Universities rarely pressure faculty members directly. They stay vague but clear enough for the message to be understood. In my Department, for example, some senior lecturer circulated an email asking everyone to include more women and BAME authors on the reading list because that is what the students are expecting from us, also in light of our Athena Swan application. It was clear she was informally speaking for the Deaprtmental leadership by saying "we are asking you to...". She wouldn't specify what the consequences would be if we didn't do it. But ultimately it's clear that if you want a promotion or anything else ever again, you better follow this guidance. On another occasion, I was told that I shouldn't send too many students to the Director of Teaching for behavioural issues because it would reflect poorly on me as an instructor and I surely didn't want to risk a conflict with the university leadership or even getting fired for angering our customers. On yet another occasion, I was asked by the Departmental leadership to include trigger warnings when I had asked the students to read an evolutionary psychology paper from a reputable journal because of its unethical, harmful contents, and ideally I would take it off the reading list. In all of these cases, the typical strategy is to talk in person and never leave any paper trail, build up plausible threats but never be very specific as to what the punishment will be exactly, and if need be, ask non-leadership colleagues to spread the word in order to maintain plausible deniability by the leadership. No regulator will ever be able to do anything against this as long as there is no proper self-governance by academics. I am thinking about emigrating to a country where that is still happening.
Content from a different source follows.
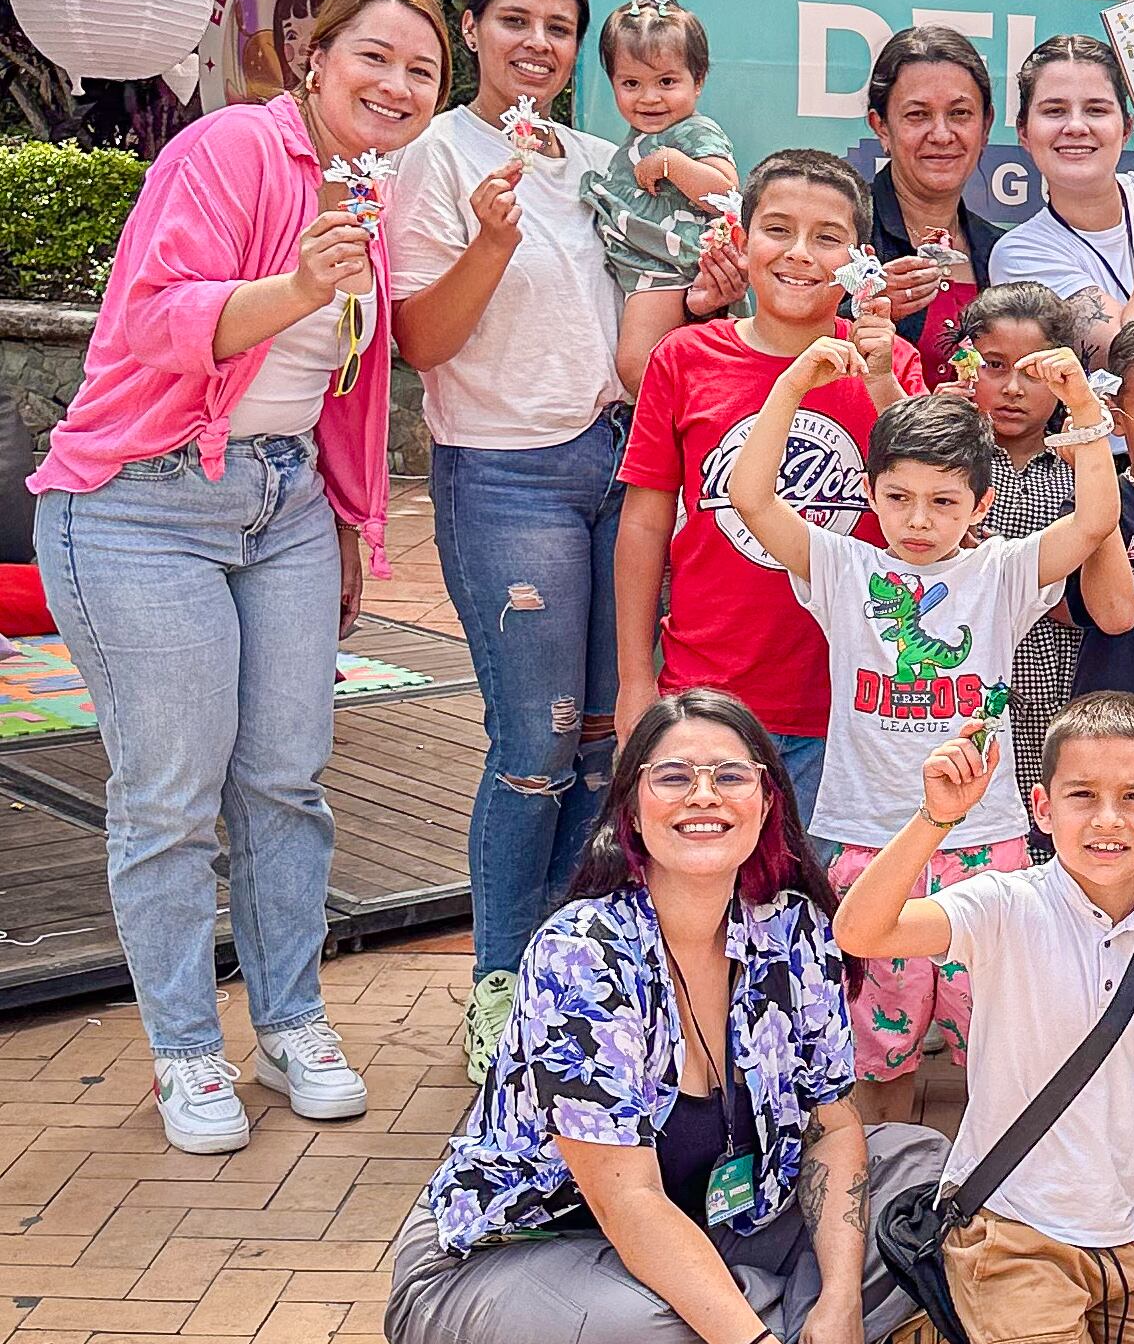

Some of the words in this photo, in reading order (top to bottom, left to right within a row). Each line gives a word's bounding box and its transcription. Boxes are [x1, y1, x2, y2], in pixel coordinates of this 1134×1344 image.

[794, 418, 841, 445] STATES
[806, 510, 825, 522] CITY
[737, 529, 753, 545] OF
[880, 719, 949, 733] LEAGUE
I don't think that the 'office for students' has much credibility in academic circles anyway, so fatuous remarks from Williamson just confirm that it has no real use and is of no help to institutions... and doesn't even serve students well. Thinking that any form of diversifying the curriculum will diminish its rigor is a negative approach, look at it as enrichment and introducing everyone to new stuff, developing students who have a truly global appreciation of whatever it is that they are studying rather than thinking that it's somehow fixing something that is deemed to be flawed. Expansion is never a bad thing, provided that the new material you include is subject to academic rigor and not merely put there because of the ethnicity of its author not because of its contribution to what you are teaching.